Even with the reforms, Illinois’ pension debt burden remains the highest among the states and puts the state’s solvency at risk. And the back-loaded reforms will do little, if anything, to bring the state up to date on a backlog of more than $6 billion of unpaid bills.
Also, three years ago, straining under the pressure of huge budget deficits, unpaid bills and growing unfunded pension liability, the governor and legislature raised the state’s personal income tax rate by 67 percent, to 5 percent from 3 percent. They also raised the corporate income tax rate by 46 percent, to 7 percent from 4.8 percent.

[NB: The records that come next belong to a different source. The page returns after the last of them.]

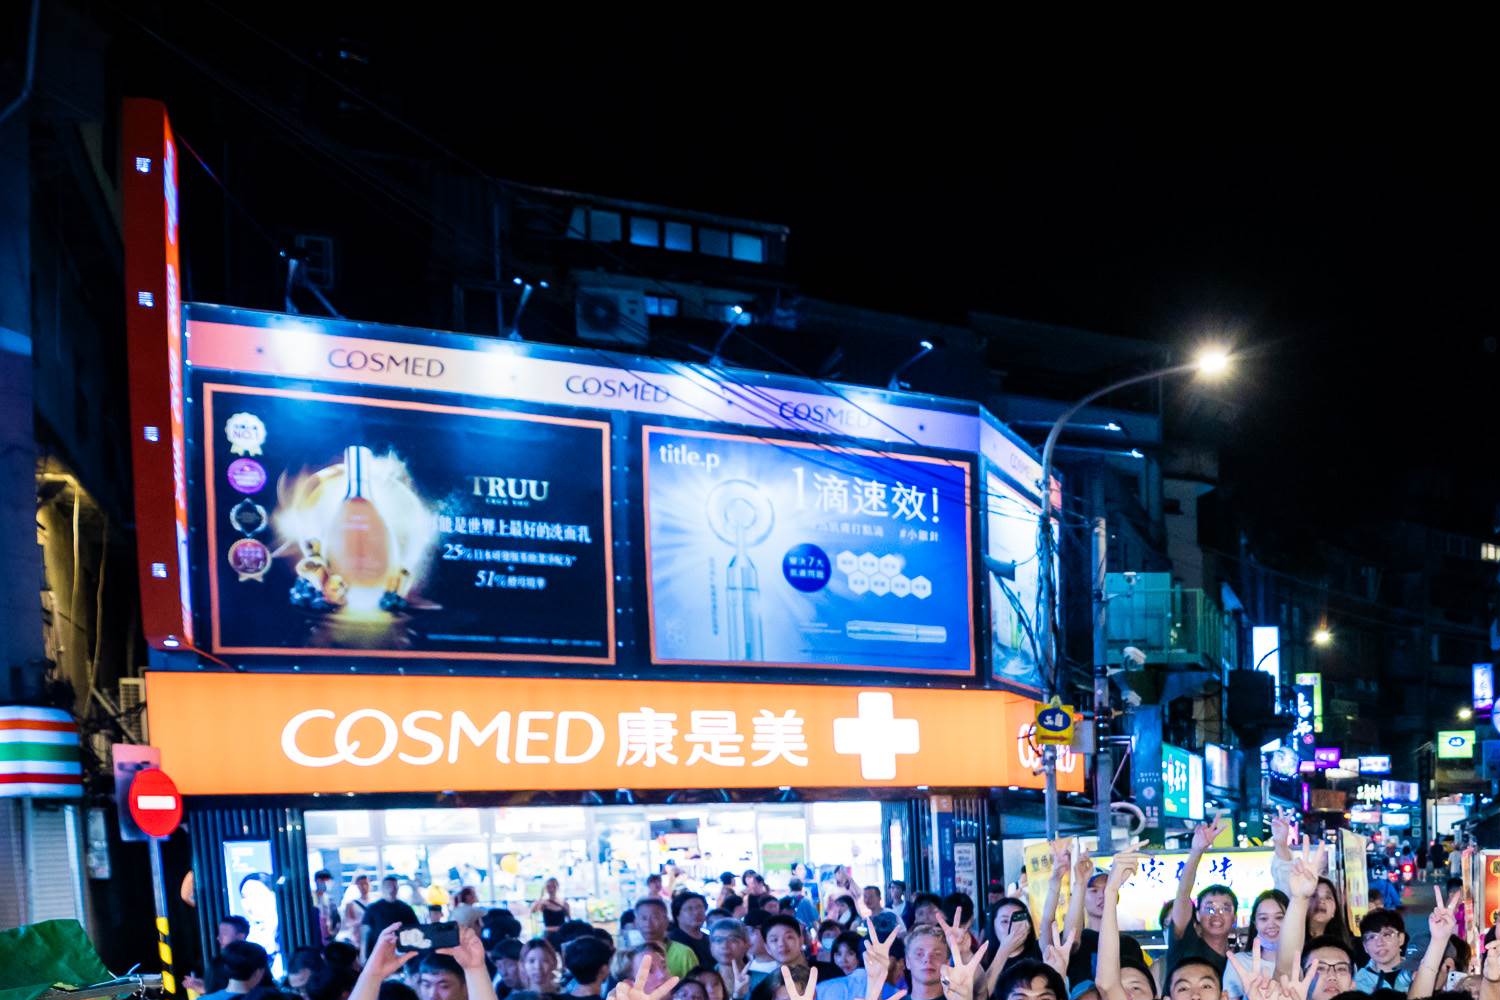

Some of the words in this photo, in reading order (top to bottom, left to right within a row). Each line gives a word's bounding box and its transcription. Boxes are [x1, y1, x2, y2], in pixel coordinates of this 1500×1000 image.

[327, 348, 446, 379] COSMED
[565, 375, 671, 404] COSMED
[778, 402, 872, 428] COSMED
[659, 444, 721, 472] title.p
[468, 475, 550, 501] TRUU
[792, 466, 940, 524] 1滴速效!
[280, 708, 606, 768] COSMED
[616, 707, 810, 769] 康是美
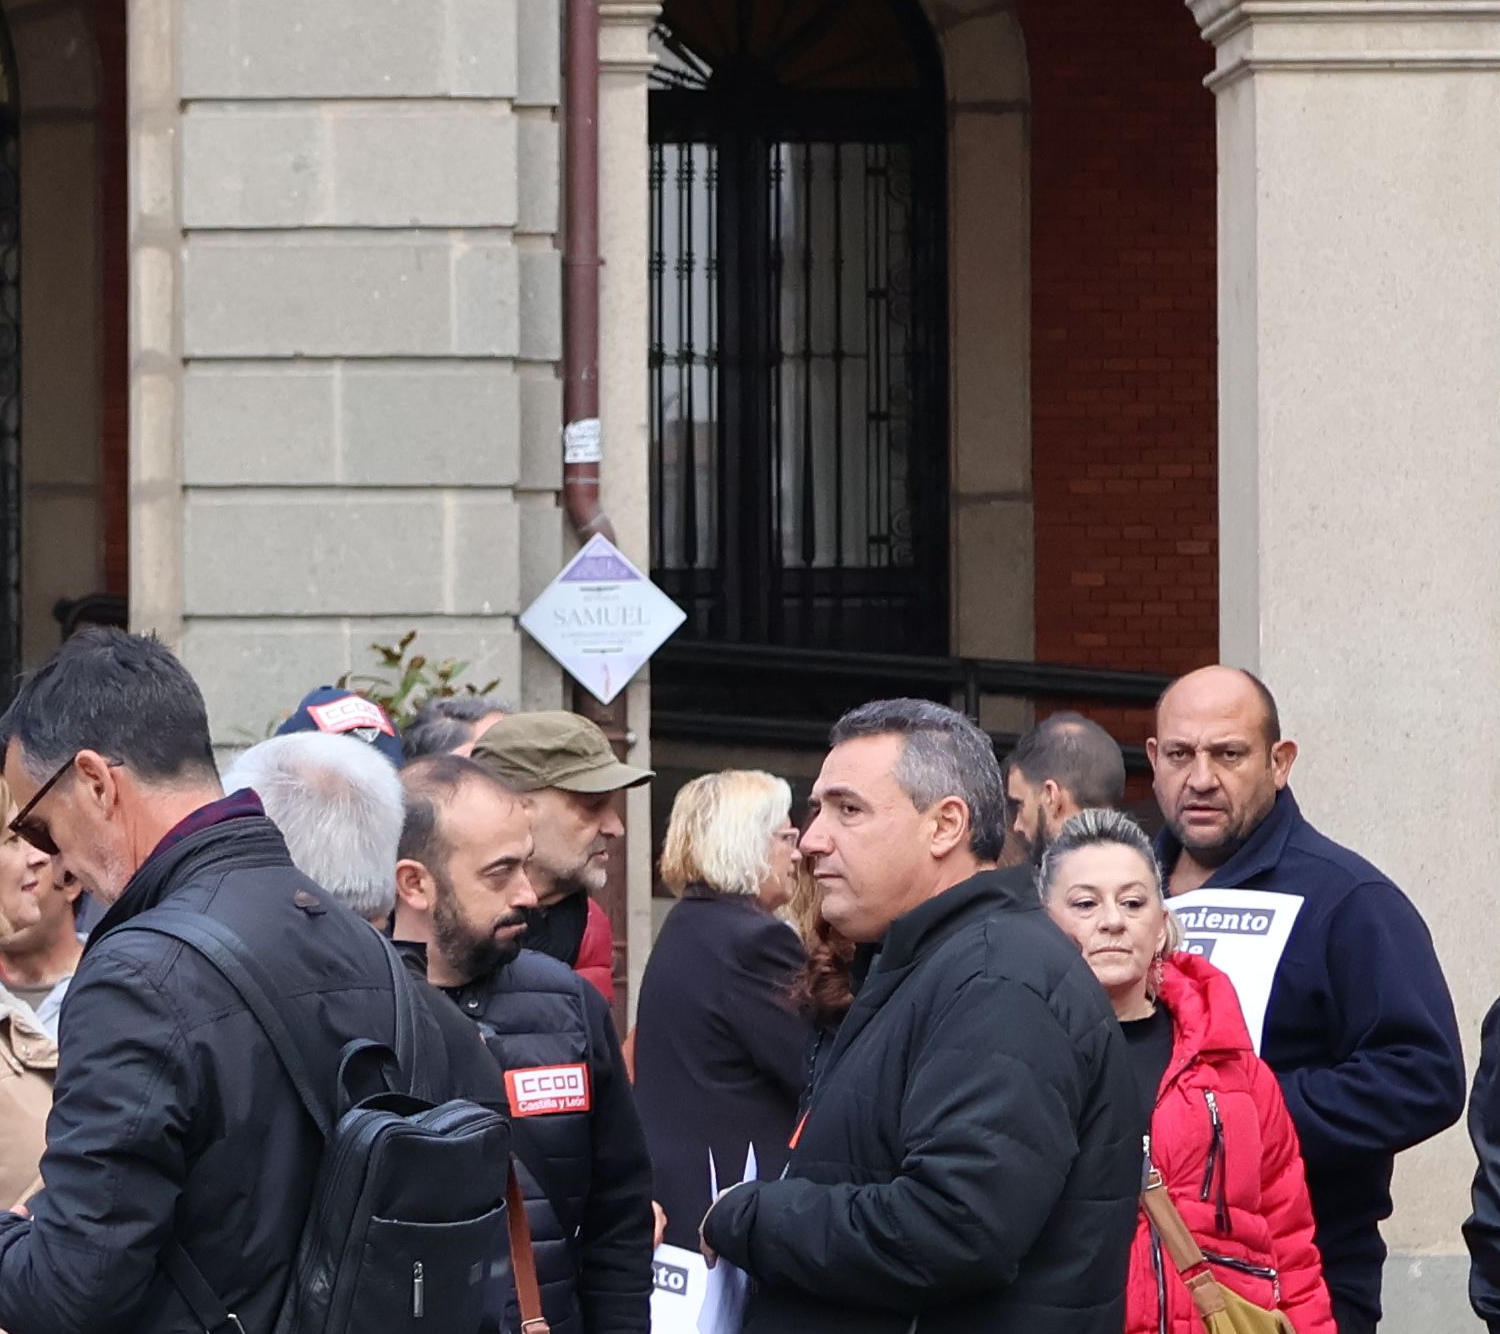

Combined with an existing 2.5 percent “personal property replacement tax,” corporations in the state now pay an effective income tax of 9.5 percent.
As part of the deal, the increases are to sunset on Jan. 1, 2015—the 5 percent individual rate would drop to 3.75 percent and the corporate rate to 5.25 percent. The individual rate would go to 3.25 percent on Jan. 1, 2025.
Complicated Tax Issues
But many doubt the rollbacks will happen. Already there are calls from some legislators and others to make the “temporary” increases permanent. Quinn has dodged the question and isn’t expected to make his position clear until he delivers his budget message for the fiscal year beginning on July 1. When that will be is, as of this writing, is unclear.
The question has been complicated by a startling proposal sprung by fellow Democrat and House Majority Leader Michael Madigan, who engineered the tax increases: Cut corporate taxes in half.
His legislation (HB 4479) would reduce the 7 percent corporate rate to 3.5 percent (but retain the 2.5 percent replacement tax, making for an effective corporate rate of 6 percent). The reduction in the individual rate would remain as scheduled.
However, the corporate tax cut would not apply to the 75 percent of Illinois businesses that file as individual taxpayers—the businesses that account for most job creation.
The tax situation is further complicated by legislation that has been introduced to convert the state’s flat income tax into a graduated tax to charge higher rates on higher incomes.
Businesses vs. Individuals?
Government and tax watchdogs have been cautious in their analyses, especially of the unexpected Madigan proposal. Benjamin VanMetre, senior budget and tax policy analyst at the Illinois Policy Institute, a free-market think tank, suggested Madigan is angling to make the graduated tax more palatable to the business community.
Others suggest the proposal might be a tradeoff for an increase in the state’s minimum wage, now at $8.25. Others speculate Madigan is trying to divert attention from the state’s dismal jobs and economic development climate, which Republicans are increasingly using as an election issue against the Speaker’s Democratic legislative allies.
As appealing as a tax cut might be to the business community, VanMetre and Laurence Msall, president of the nonpartisan Civic Federation, say much more is needed to right the state’s fiscal ship. Further pension system reforms are among the necessary additions, they say.
Madigan’s tax cut would leave the state with a $1.5 billion annual hole and the $6 billion in unpaid bills. This could be where a graduated income tax would come into play, making the “rich pay a fuller share” as part of a package of tax reforms.
For now, Madigan argues the corporate tax cut would generate the additional extra revenue to fill the hole, making Illinois’ most powerful Democratic Party lawmaker sound more Republican than some Republicans. With four men contending for the Republican Party’s nomination to run for governor, the political implications are somewhat cloudy. And that means more increasing fog for the state’s financial condition.
Dennis Byrne ([email protected]) is a Chicago freelance writer and a Chicago Tribune contributing op-ed columnist.